Whereas, [Name of Shareholder] intends to transfer his/her [Percentage of Equity Interest]% equity interest in the Company, and the shareholders’ general meeting of the Company has passed a resolution regarding the transfer of his/her equity interest to Shenzhen Ucloudlink Technology Limited, and Shenzhen Ucloudlink Technology Limited intends to acquire his/her [Percentage of Equity Interest]% equity interest in the Company.
Article 3 | Transfer of equity interest |
Party A agrees to transfer to Party B his/her subscribed capital of the Company of RMB[Amount of Capital Contribution] (including contributed capital of RMB[Amount of Contributed Capital] and the contribution of RMB[Amount of Contribution To Be Paid] to be paid), i.e. 0.02% equity interest; Party B agrees to acquire Party A’s subscribed capital of the Company of RMB[Amount of Capital Contribution] (including contributed capital of RMB[Amount of Contributed Capital] and the contribution of RMB[Amount of
Contribution To Be Paid] to be paid), i.e. [Percentage of Equity Interest]% equity interest;
Party A and Party B unanimously agree and confirm that: the consideration for the transfer of equity interest hereunder shall be RMB nil, i.e. Party B shall pay Party A RMB nil for the transfer of equity interest.
And Party A and Party B unanimously agree that upon the completion of the transfer of equity interest hereunder, Party A shall no longer enjoy shareholder’s rights and undertake corresponding obligations, and Party B shall enjoy shareholder’s rights and undertake corresponding obligations in the Company to the extent of its capital contribution.
Article 4 | Deadline for delivery of equity interest to be transferred |
The transfer of equity interest referred to in Article 3 hereof shall take effect and the relevant equity interest shall be formally delivered on the date when all the following conditions are fulfilled:
1. Party A and Party B sign this Agreement at the same time;
2. This Agreement has been filed and registered with the Beijing Administration for Industry and Commerce and has obtained the approval.
Party B further agrees and undertakes to pay Party A the consideration for the equity transfer hereunder, i.e.
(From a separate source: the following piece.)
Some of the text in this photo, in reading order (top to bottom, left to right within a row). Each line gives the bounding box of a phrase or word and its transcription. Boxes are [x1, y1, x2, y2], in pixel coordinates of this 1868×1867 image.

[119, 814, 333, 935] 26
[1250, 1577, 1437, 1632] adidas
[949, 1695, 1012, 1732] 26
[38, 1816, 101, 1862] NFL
RMB nil, within five working days following the effectiveness of the equity transfer.
Article 5 | Liability for breach of this Agreement and indemnification |
Either party in breach of this Agreement shall be liable to indemnify the other party for the actual losses resulting from such breach.
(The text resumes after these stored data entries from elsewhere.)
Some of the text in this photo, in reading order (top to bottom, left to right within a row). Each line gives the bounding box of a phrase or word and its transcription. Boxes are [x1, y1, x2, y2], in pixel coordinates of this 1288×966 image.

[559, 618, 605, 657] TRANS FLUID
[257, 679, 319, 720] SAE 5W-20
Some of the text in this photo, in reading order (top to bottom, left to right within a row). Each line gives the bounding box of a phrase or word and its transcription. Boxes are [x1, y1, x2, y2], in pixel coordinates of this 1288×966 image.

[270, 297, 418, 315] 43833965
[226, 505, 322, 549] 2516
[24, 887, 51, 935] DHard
Article 6 | Governing laws and settlement of disputes |
This Agreement shall be governed by and interpreted in accordance with the laws of the People’s Republic of China which have been promulgated and are made available to the public. Where any special matter relating to this Agreement is not
covered in the laws of the People’s Republic of China which have been promulgated and are made available to the public, international commercial practices shall apply.
Any dispute arising from performance of this Agreement or relating to this Agreement shall preferably be settled by both parties hereto through amicable negotiation, or should negotiation fail, shall be referred to the China International Economic and Trade Arbitration Commission or its affiliated agency for arbitration pursuant to the arbitration rules of the Commission or its affiliated agency. The arbitration award shall be final and binding on both parties hereto. In the process of arbitration, both parties hereto shall continue performing this Agreement save for the part under arbitration.
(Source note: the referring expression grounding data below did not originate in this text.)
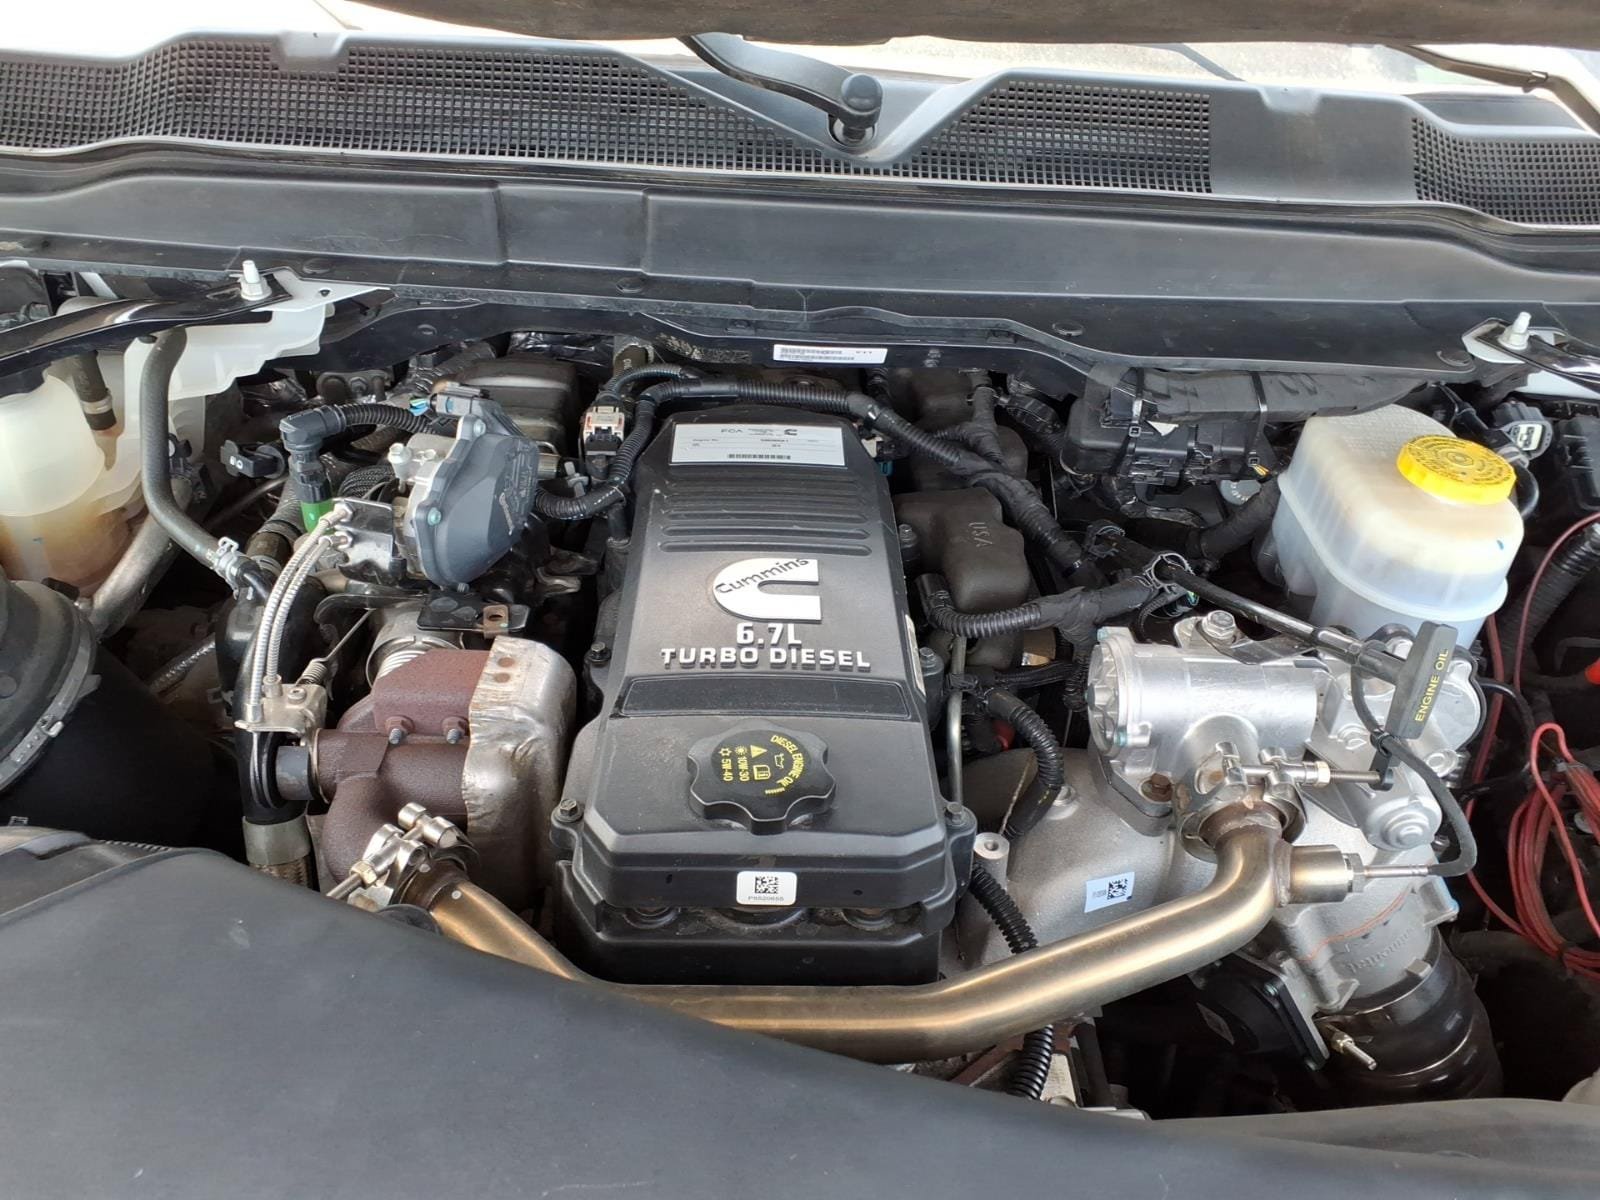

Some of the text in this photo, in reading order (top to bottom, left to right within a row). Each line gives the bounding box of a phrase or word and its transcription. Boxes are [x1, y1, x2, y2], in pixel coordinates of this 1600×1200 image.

[714, 558, 809, 594] Cummins
[736, 622, 802, 648] 6.7L
[660, 647, 871, 672] TURBO DIESEL
[1414, 648, 1449, 722] ENGINE OIL
[721, 758, 734, 782] 5W-40
[770, 734, 805, 787] DIESEL ENGINE OIL
Article 7 | Entry into force of this Agreement |
This Agreement shall enter into force upon affixing of signatures by both parties hereto.
Article 8 | Time and place of conclusion of this Agreement |
This Agreement is signed on March 9, 2022 at 0304, 3rd /F, Building 6, Courtyard No. 2, Wuliqiao 2nd Street, Chaoyang District, Beijing, The People’s Republic of China.
(This page, containing no text, is the signing page of Agreement on Transfer of Equity Interest in Beijing uCloudlink New Technology Co., Ltd.)
Party A: [Name of Shareholder]
Signature: /s/ [Name of Shareholder]
(This page, containing no text, is the signing page of Agreement on Transfer of Equity Interest in Beijing uCloudlink New Technology Co., Ltd.)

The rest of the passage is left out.